When selecting an eConsent, Food and Drug Administration (FDA) and the HIPAA authorization should approve the eConsent for research. Under both state and federal law, the signature must be valid.
Informed consent forms, HIPAA authorization forms, and their processes must adhere to all standards.
Electronic Clinical Outcome Assessment (eCOA)
Patient data collection is one of the necessary steps in clinical trials. Additionally, we need to create digital techniques to gather this data for any decentralized clinical study.
Your eCOA software must adhere to the following compliances.
- All eCOA activity, including data entered by participants and assessments captured during telehealth visits, must adhere to patient privacy laws like HIPAA (Health Insurance Portability and Accountability Act).

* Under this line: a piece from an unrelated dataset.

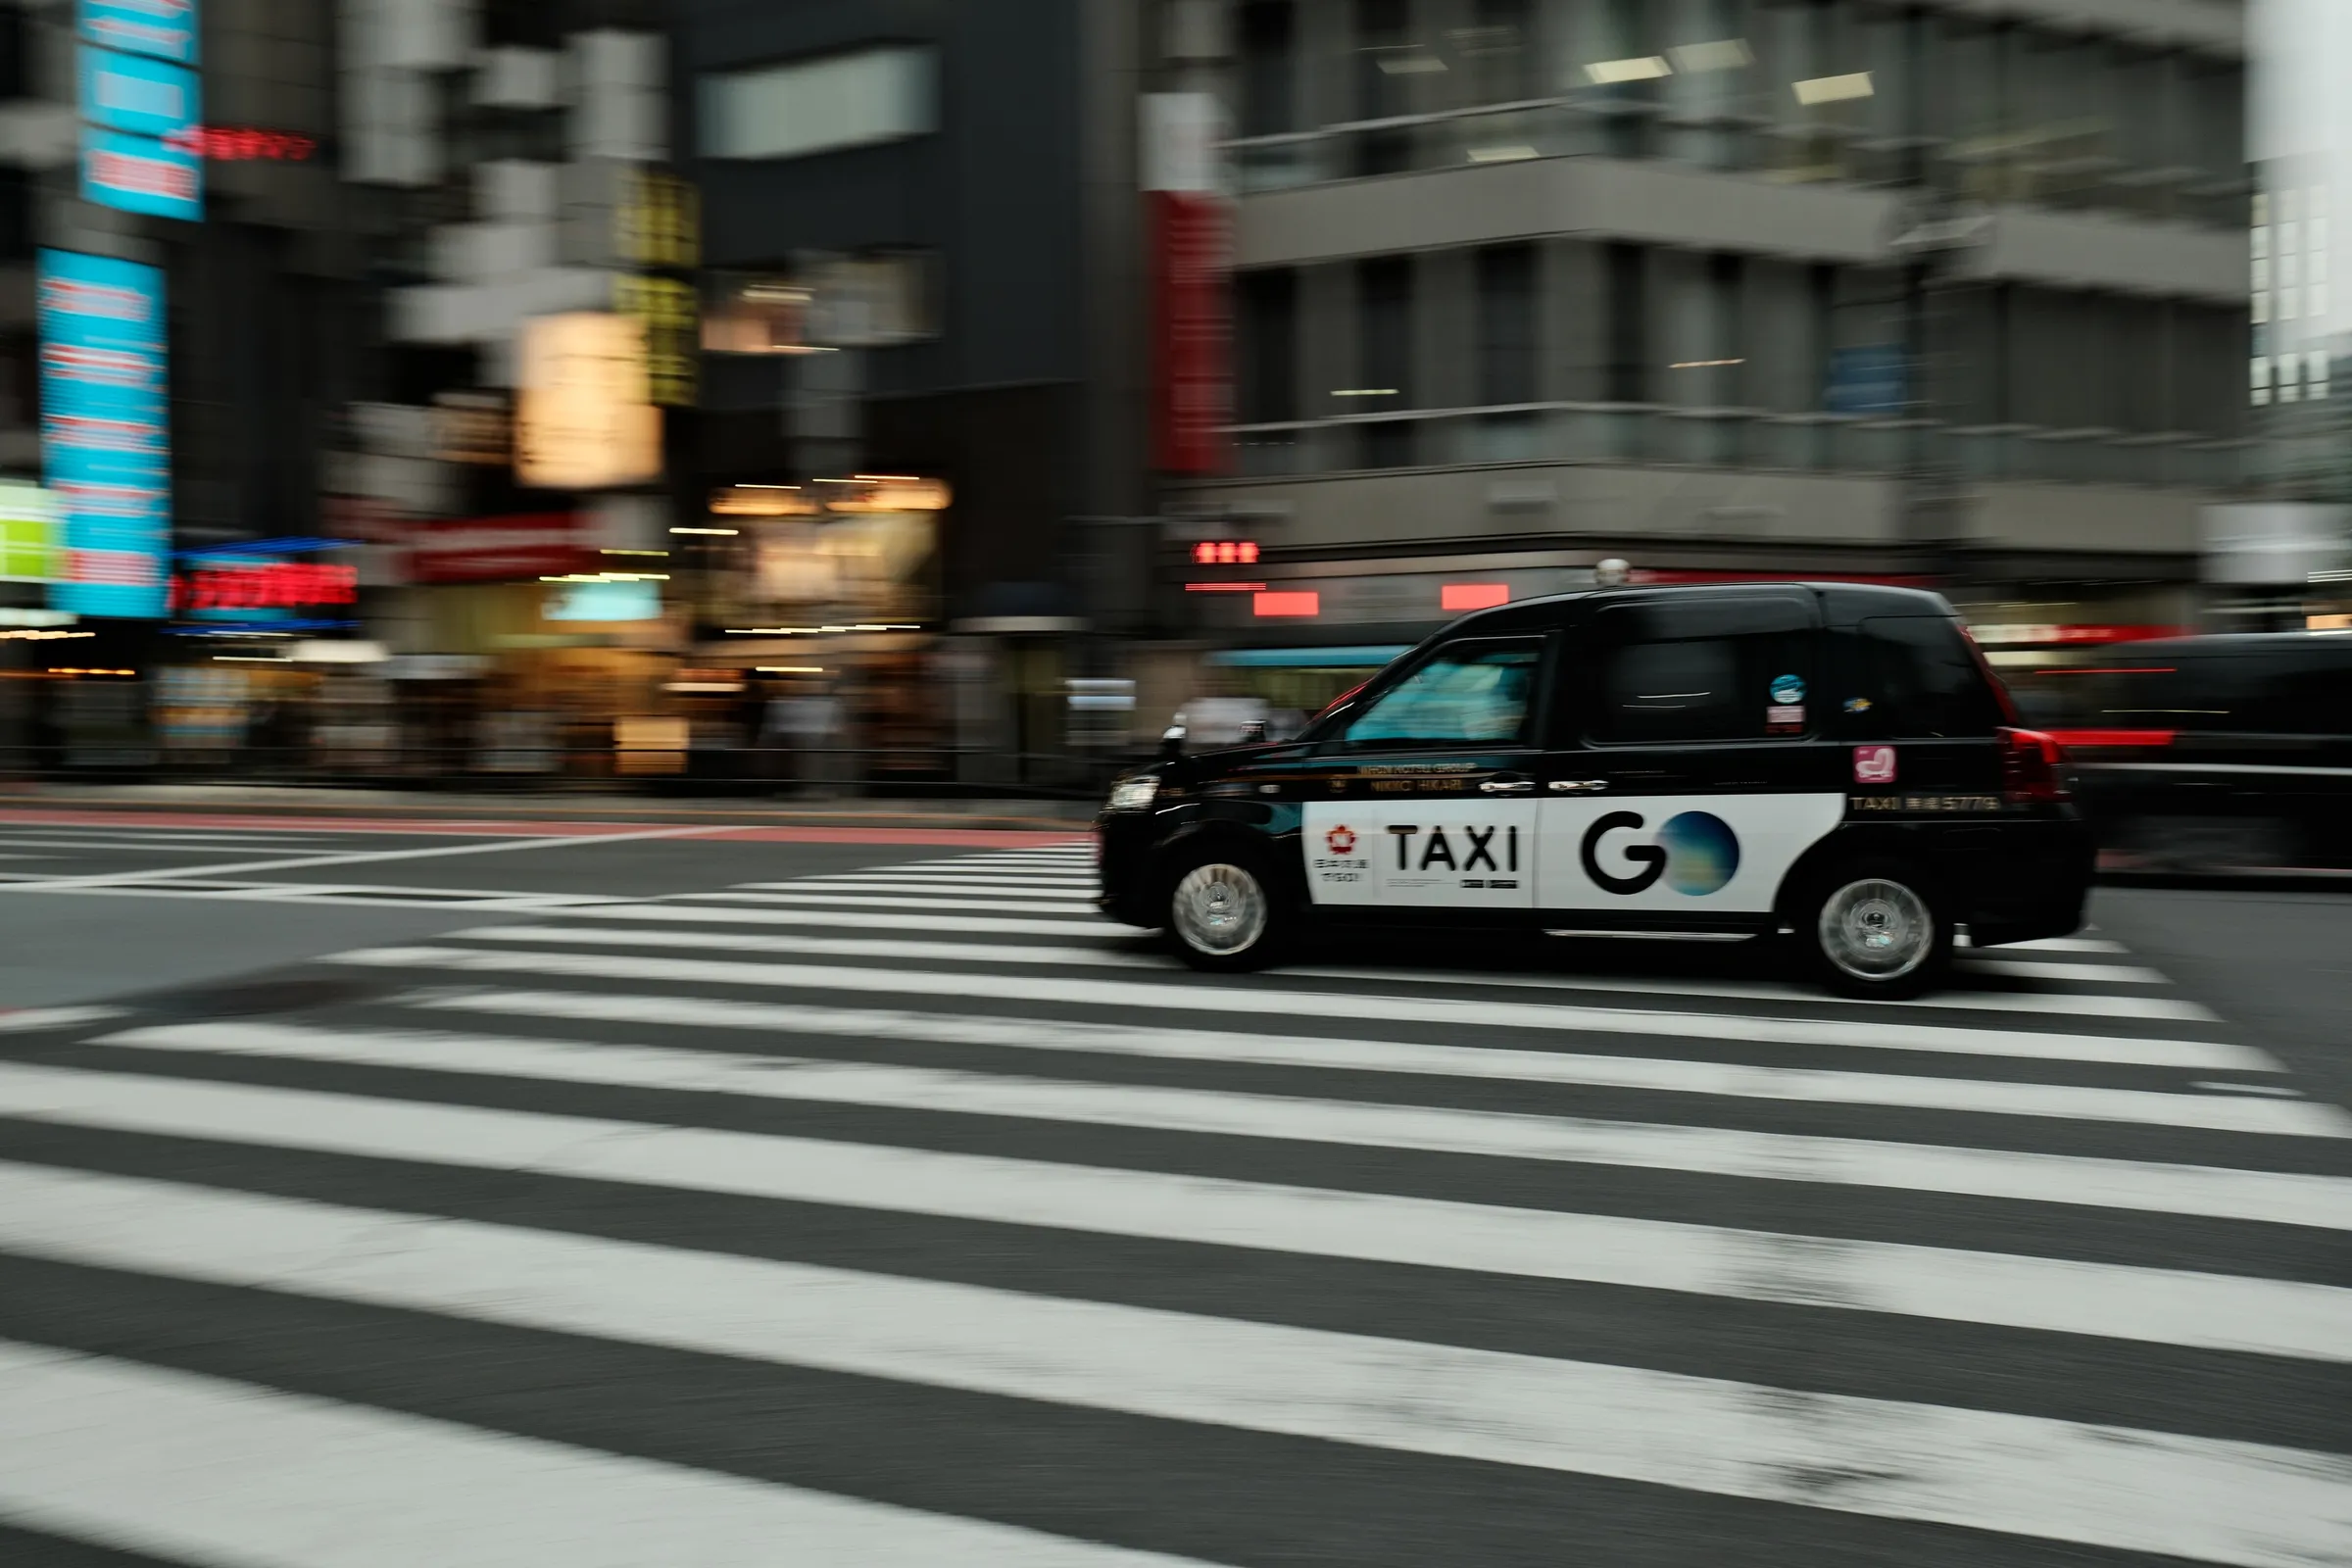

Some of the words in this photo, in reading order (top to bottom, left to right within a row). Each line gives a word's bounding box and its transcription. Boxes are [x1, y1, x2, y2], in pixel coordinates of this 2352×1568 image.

- According to General Data Protection Regulation (GDPR), all personal data—not just health-related data should be private and secure.
Electronic Health Record (EHR) Mining or Digital Patient Recruitment
The use of electronic health records (EHRs) to generate a sizable sample for a clinical study is rising. Your electronic health record software should follow the HIPAA Security Rule.
A few potential metrics are
- Tools for “access control,” such as passwords and PIN codes, can help to restrict access to your information to those who are permitted to see it.
- “Encrypting” of saved data.
Virtual site monitoring
Virtual clinical trials have advantages because, When conducting a virtual or decentralized clinical trial, you may have fewer or no actual locations to visit. Your virtual site monitoring software must adhere to FDA and HIPPA compliances;
Your virtual site monitoring software should follow the FDA and HIPPA compliance standards. While conducting a virtual trial, all data should be confidential and safe by FDA CFR Part 11 and HIPAA.
Nowadays, researchers usually conduct clinical trials digitally. Digital clinical trials have benefits for both participants and investigators. Finding the best software to design your clinical trial is mandatory. The software you choose must comply with regulations such as; FDA, HIPPA, GCP, EU GMP Annex 11, and GDPR. This avoids un-necessary regulatory delays and data acceptance issues.